Iraqi authorities announced Tuesday that they have released 81,397 detainees this week under a new amnesty, while two abducted doctors were also freed after a sizable ransom payment, reported dpa.
The detainees were released under the amnesty law that was passed by parliament in February.
Some 37,912 of the detainees were released on bail, judge Abdel- Sattar al-Bairaqdar, the spokesman for the high court council, told the state daily al-Sabah.
At least 24,534 people, who are wanted by the authorities, were given amnesty under the law, the judge said.
However, US forces told Deutsche Presse-Agentur dpa that it was only less than 200 Iraqis who have actually been released from the Iraqi system under the amnesty law.
Legal committees are now looking into requests for amnesty filed by many detainees whose previous requests had been rejected. The new law gives the right of appeal.
Thousands of Iraqi detainees are also being held in prisons run by the US military.
The passage of the amnesty law was hailed as a breakthrough that forms an important component of national reconciliation.
Iraq's main Sunni Arab bloc, the Iraqi Accord Front, said passage of the law would speed up its return to the Shiite-led coalition government and help heal sectarian divisions.
Separately, two Iraqi doctors and an assistant who were abducted two weeks ago have been released after their families paid a ransom to the kidnappers, security sources told dpa.
Sources said that the family of Sabar al-Qeisy, one of the abducted doctors, paid 230,000 US dollars in ransom.
The doctors and the assistant were released on Monday and were in stable health. But they had been tortured by the kidnappers, sources said.
The release of the kidnapped doctors occurred near Haditha in Anbar province.
Sources added that the kidnappers were suspected members of the al-Qaeda terrorist network.
An Iraqi police source said that the US forces have managed to arrest one of the kidnappers near Beiji area, some 23 kilometres north of Baghdad.
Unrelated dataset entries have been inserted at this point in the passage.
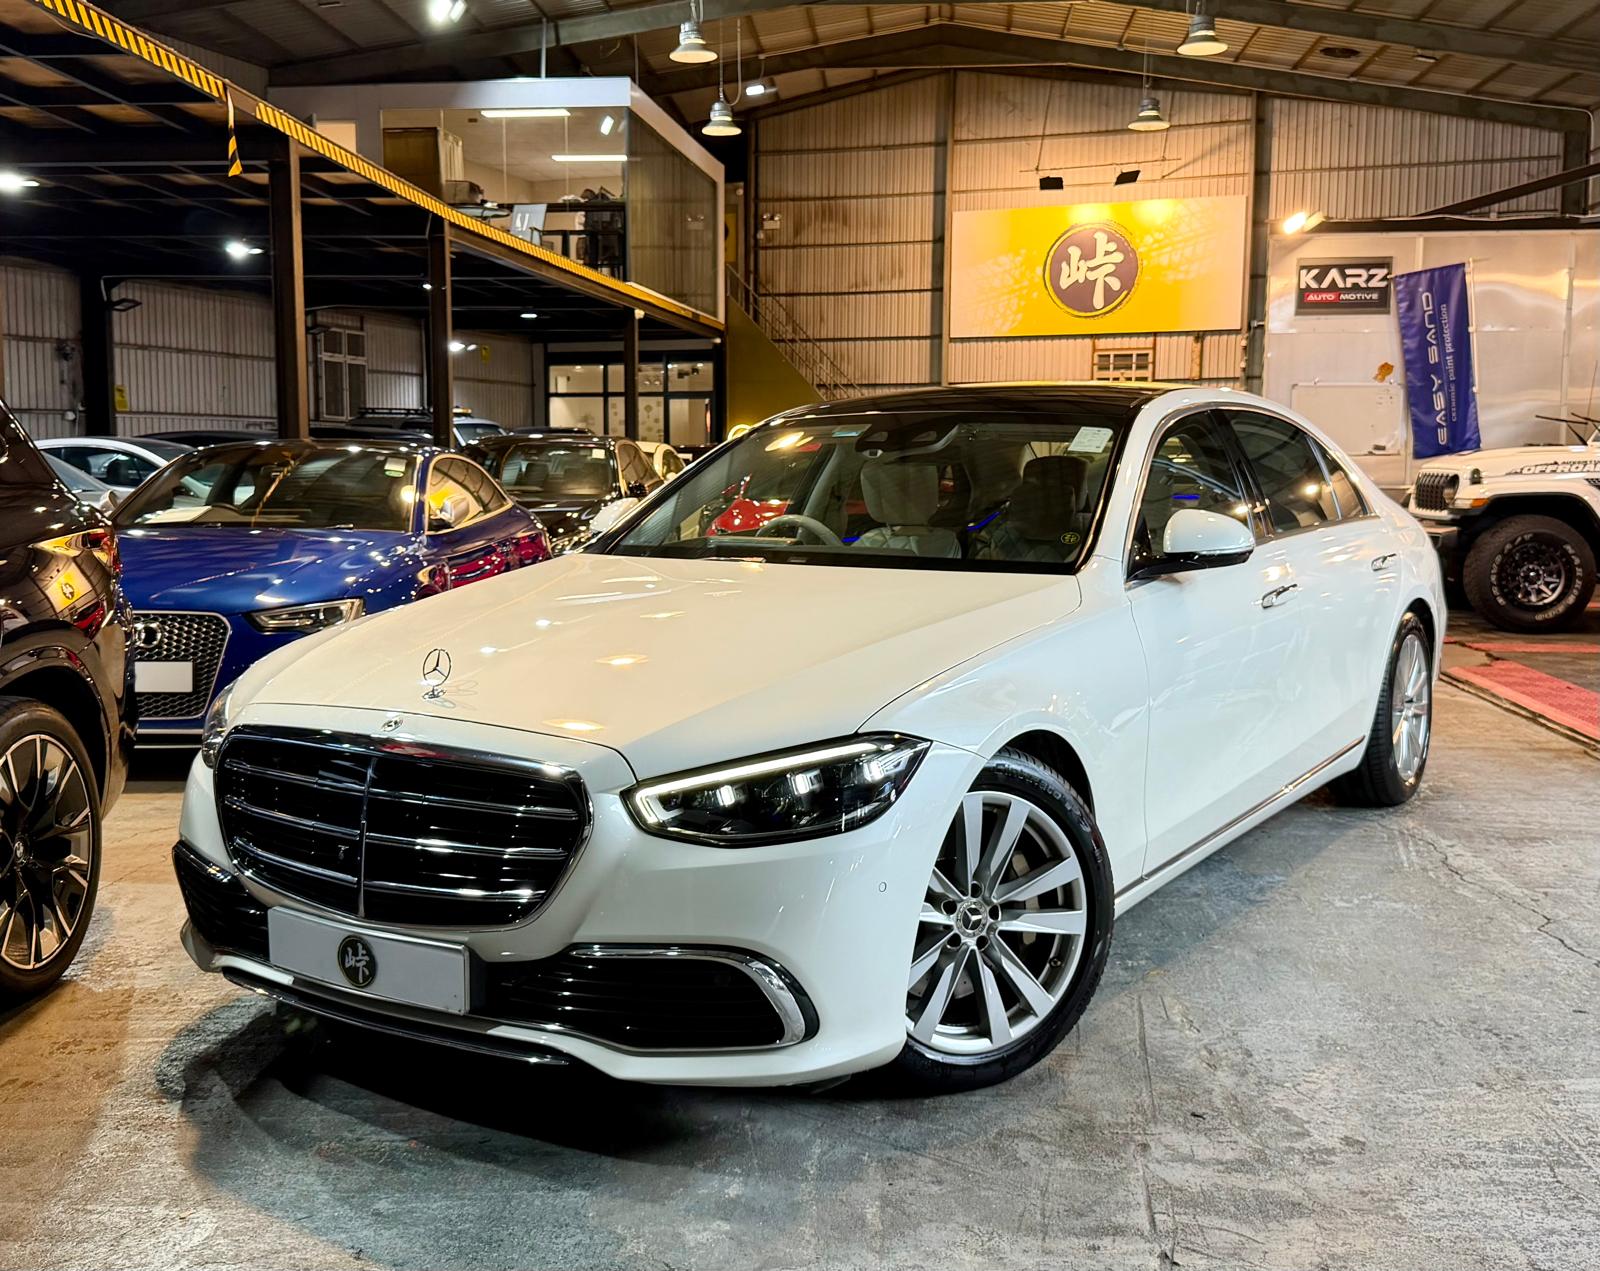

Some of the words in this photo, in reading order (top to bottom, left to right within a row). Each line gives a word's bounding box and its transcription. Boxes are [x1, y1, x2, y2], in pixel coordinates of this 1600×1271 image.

[1059, 231, 1125, 310] 峠
[1299, 267, 1389, 289] KARZ
[1306, 293, 1336, 301] AUTO
[1339, 292, 1379, 300] MOTIVE
[1421, 291, 1440, 365] SAND
[1440, 303, 1455, 354] protection
[1444, 355, 1457, 381] paint
[1430, 373, 1448, 446] EASY
[1448, 383, 1458, 423] ceramic
[1521, 463, 1600, 475] OFFROA
[344, 942, 371, 984] 峠
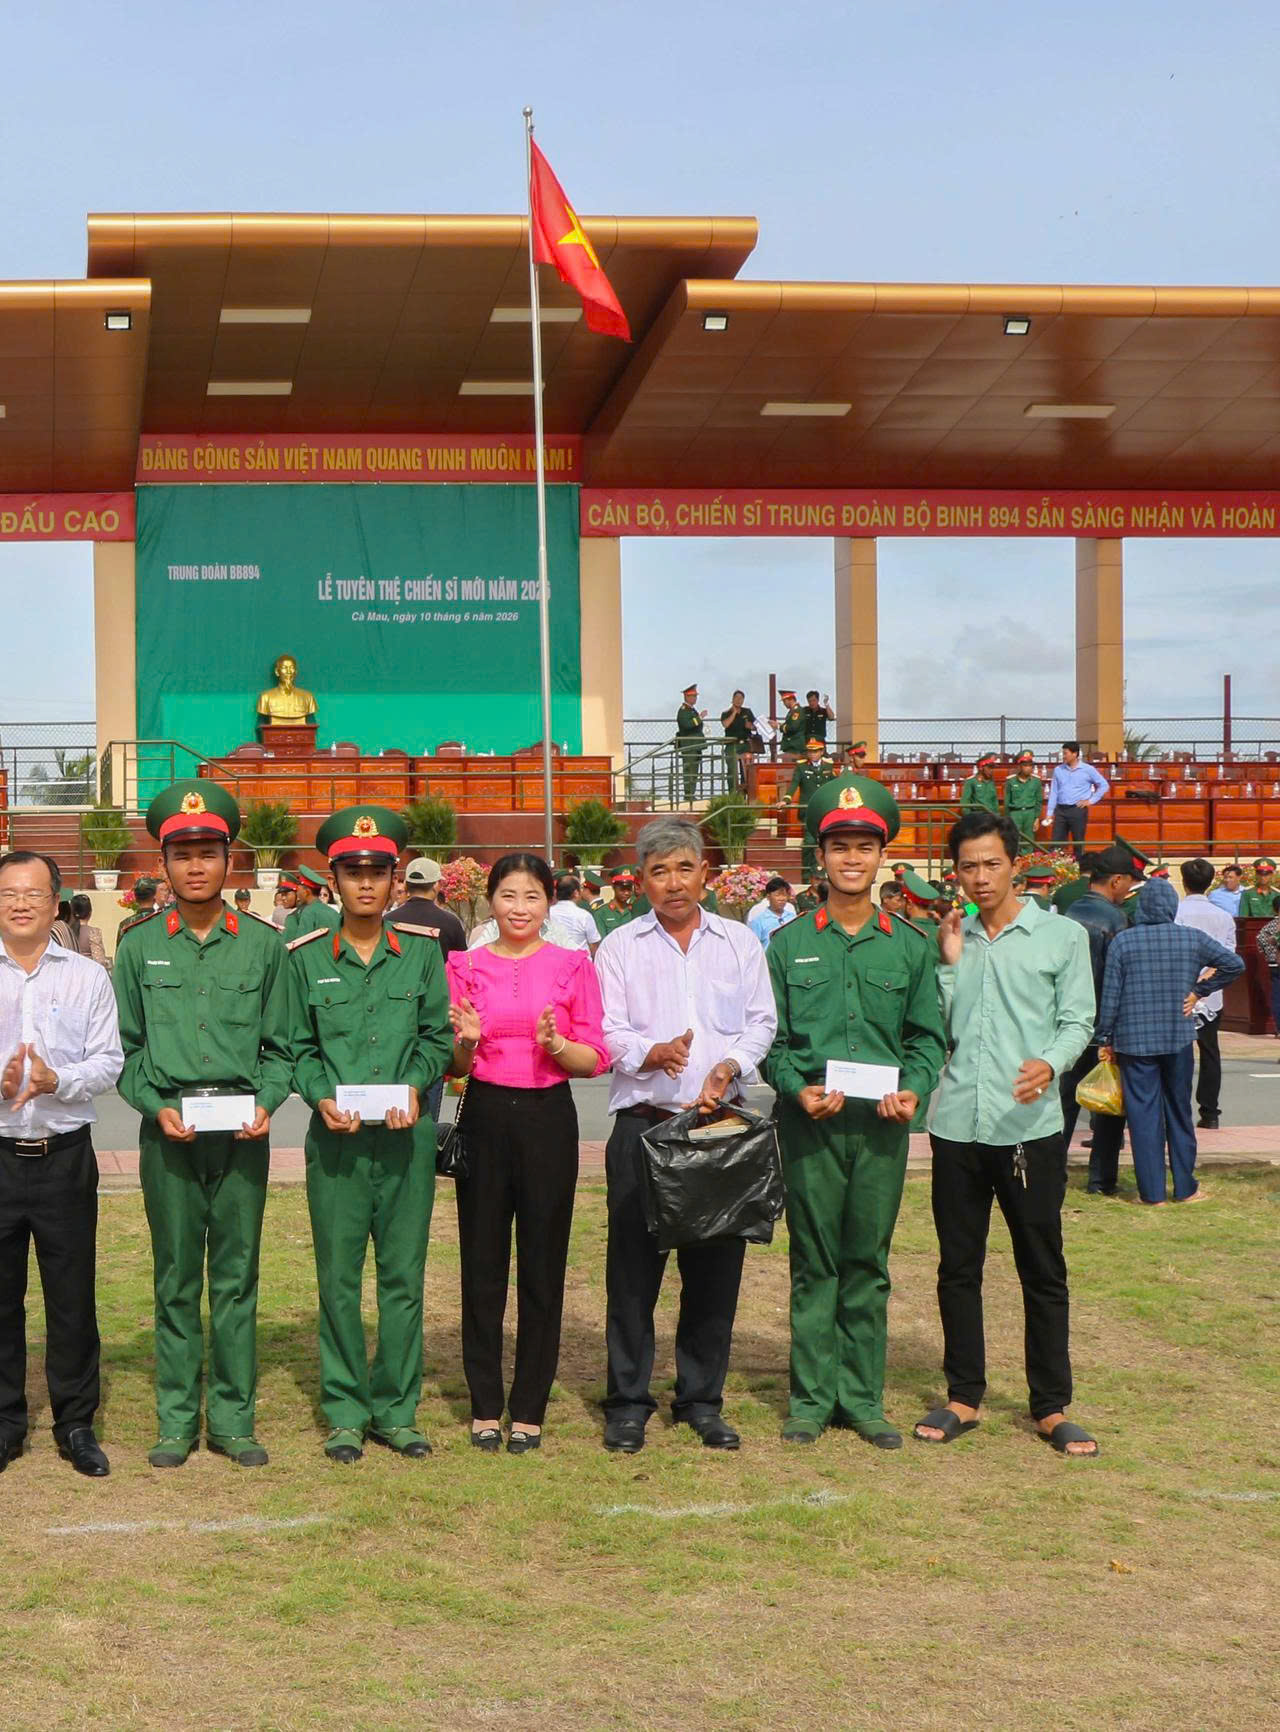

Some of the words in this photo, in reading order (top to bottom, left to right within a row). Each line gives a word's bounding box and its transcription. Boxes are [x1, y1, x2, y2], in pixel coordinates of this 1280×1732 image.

[143, 442, 188, 470] ĐẢNG
[193, 443, 240, 473] CỘNG
[245, 441, 280, 470] SẢN
[284, 444, 318, 473] VIỆT
[323, 448, 362, 469] NAM
[366, 448, 423, 471] QUANG
[427, 448, 466, 470] VINH
[470, 444, 520, 470] MUÔN
[0, 502, 55, 534] ĐẤU
[64, 509, 120, 533] CAO
[588, 500, 630, 526] CÁN
[636, 499, 669, 530] BỘ,
[676, 496, 736, 526] CHIẾN
[744, 500, 762, 526] SĨ
[767, 504, 835, 526] TRUNG
[842, 501, 896, 527] ĐOÀN
[904, 500, 931, 530] BỘ
[936, 506, 984, 527] BINH
[988, 506, 1020, 528] 894
[1026, 498, 1064, 528] SẴN
[1072, 503, 1124, 528] SÀNG
[1131, 502, 1184, 532] NHẬN
[1191, 503, 1216, 528] VÀ
[1222, 503, 1275, 528] HOÀN
[168, 565, 199, 580] TRUNG
[230, 565, 260, 579] BB894
[318, 572, 333, 600] LỄ
[336, 576, 375, 600] TUYÊN
[378, 576, 400, 604] THỆ
[405, 574, 442, 600] CHIẾN
[445, 577, 458, 600] SĨ
[461, 576, 485, 600] MỚI
[489, 577, 517, 600] NĂM
[352, 612, 364, 621] Cà
[367, 612, 389, 621] Mau,
[393, 613, 416, 623] ngày
[421, 612, 432, 621] 10
[434, 612, 461, 623] tháng
[464, 612, 470, 621] 6
[472, 612, 493, 621] năm
[496, 612, 518, 621] 2026
Meanwhile, the US military said a massive cache containing weapons and ammunition was uncovered in an underground room Monday during a search operation in the Jazeera desert west of Samarra.
Information from a local Iraqi source led to the discovery of the cache, according to the military.
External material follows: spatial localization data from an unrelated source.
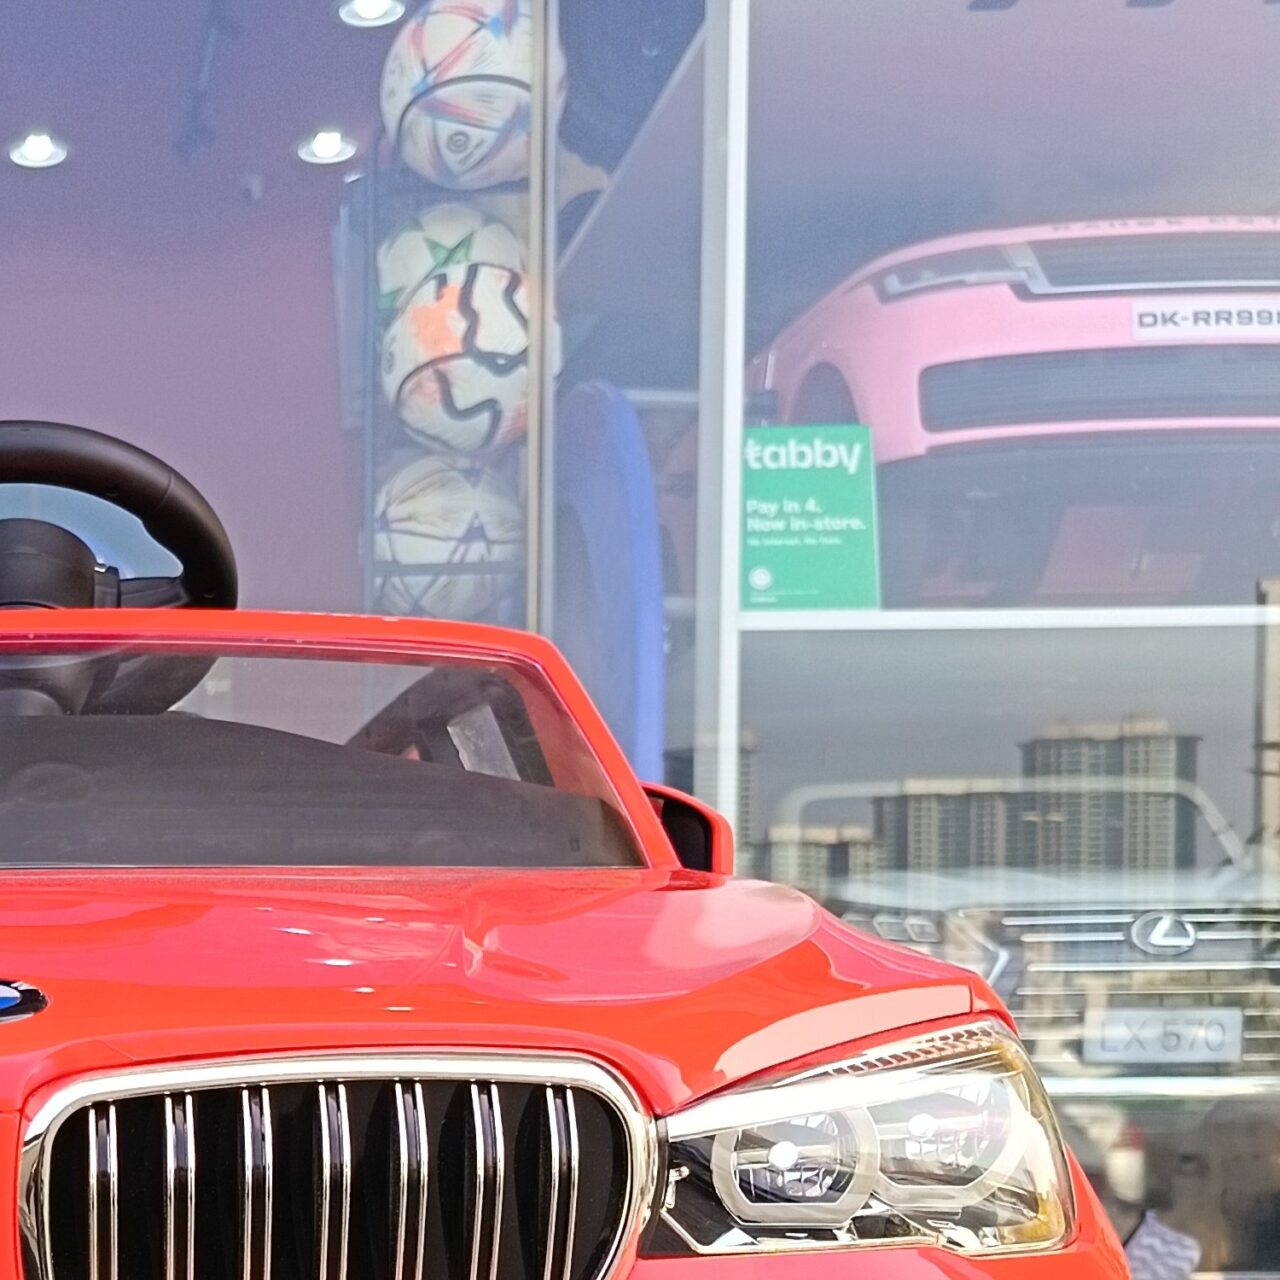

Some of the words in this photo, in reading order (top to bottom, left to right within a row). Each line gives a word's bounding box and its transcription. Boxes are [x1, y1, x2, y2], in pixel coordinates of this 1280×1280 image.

[1137, 310, 1280, 328] DK-RR99
[745, 438, 862, 475] tabby
[746, 499, 779, 517] Pay
[783, 498, 800, 514] in
[805, 497, 823, 513] 4.
[746, 518, 785, 531] Now
[790, 516, 866, 531] in-store.
[1101, 1020, 1146, 1052] LX
[1161, 1018, 1226, 1052] 570
In other news, nine people were killed and 50 injured in a suicide car bomb attack on provincial police headquarters in the northern city of Mosul on Monday, Iraqi media reported.
Among those killed were four policemen and two children, the Aswat al-Iraq (Voices of Iraq) agency reported.
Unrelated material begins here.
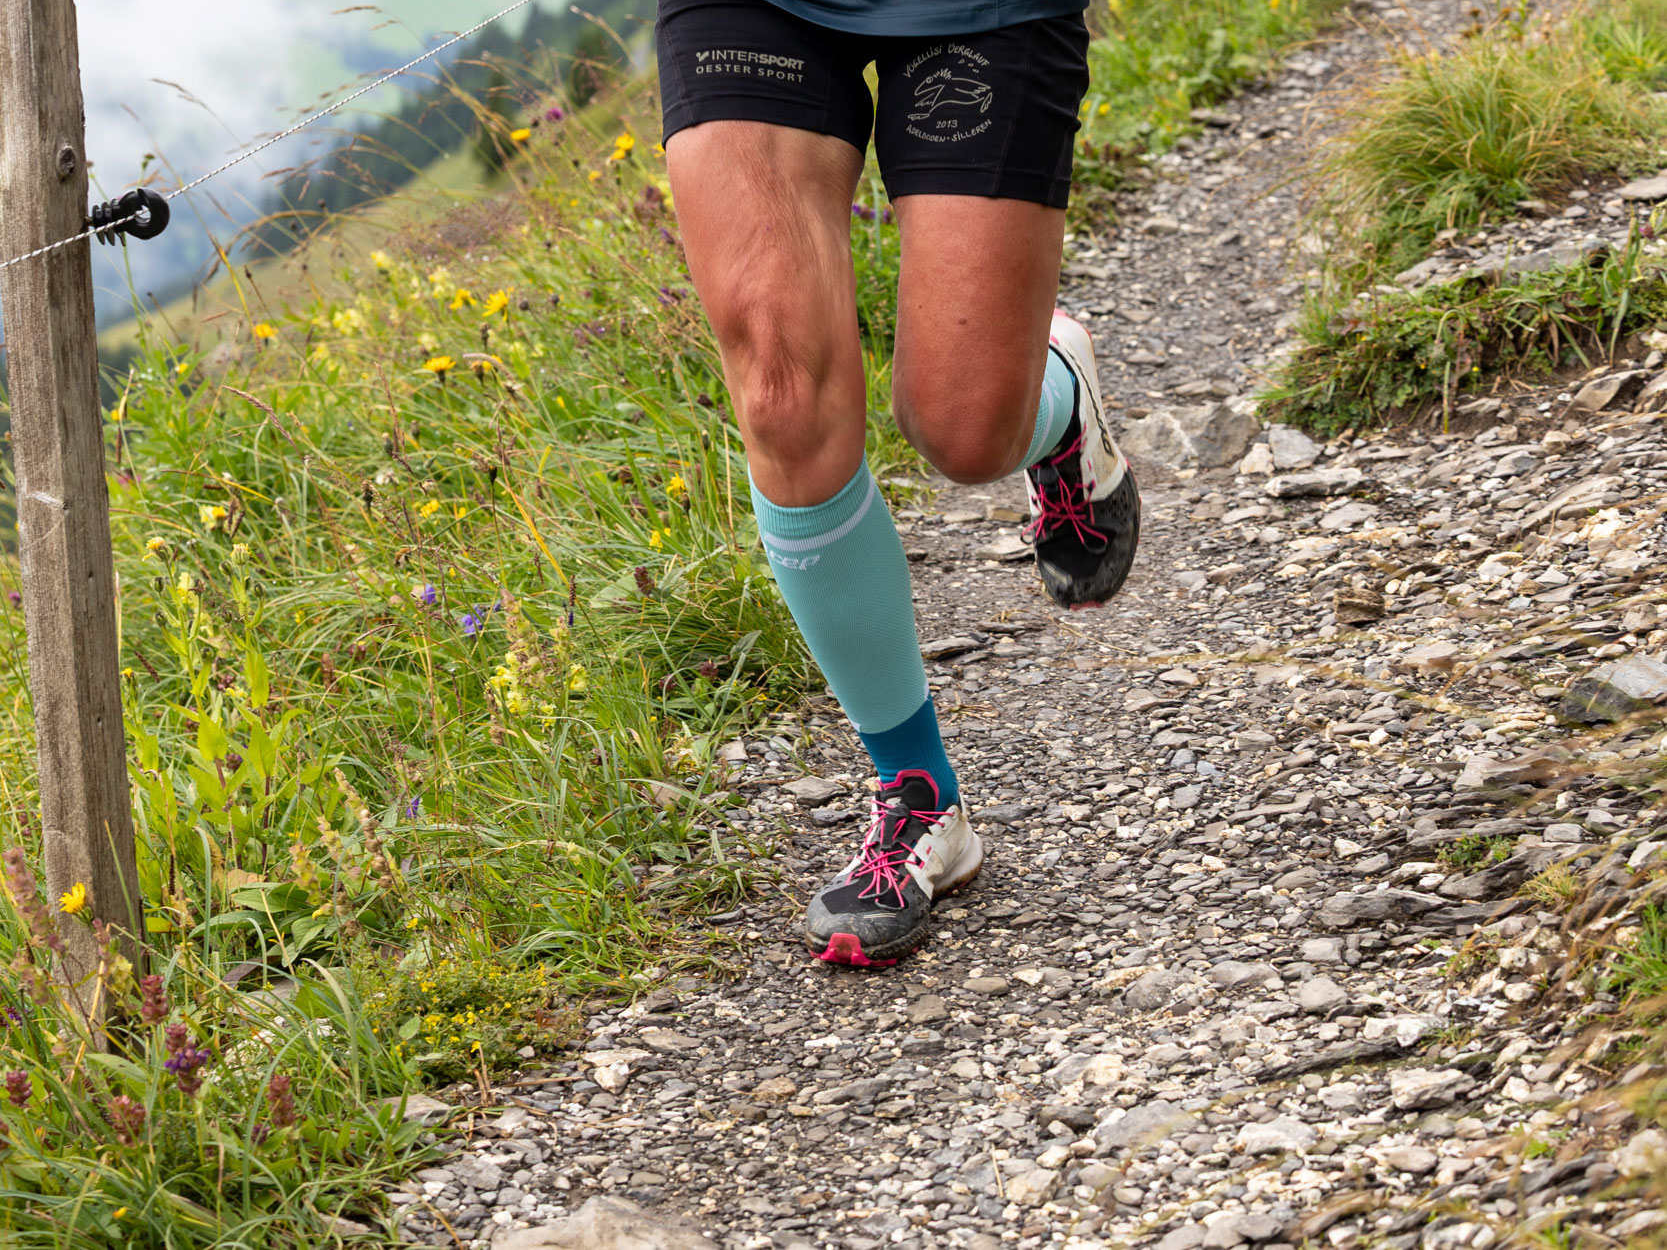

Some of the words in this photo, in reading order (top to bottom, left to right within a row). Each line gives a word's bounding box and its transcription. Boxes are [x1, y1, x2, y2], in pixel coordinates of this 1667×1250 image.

[711, 49, 805, 71] INTERSPORT
[695, 63, 752, 75] OESTER
[757, 67, 804, 83] SPORT
[936, 119, 959, 129] 2013
A suicide attacker drove and detonated an explosives-laden car near a checkpoint outside the police headquarters.
Medical sources told dpa that an 11-year-old-child was killed on Tuesday when militants opened fire on him after he was leaving his school in Baquba, some 60 kilometres north of Baghdad.
In the same city, security forces found the body of a child which was reported to be abducted on Saturday, sources told Voices of Iraq.
Sources said that the body was found near a hospital in Baquba's Katon district.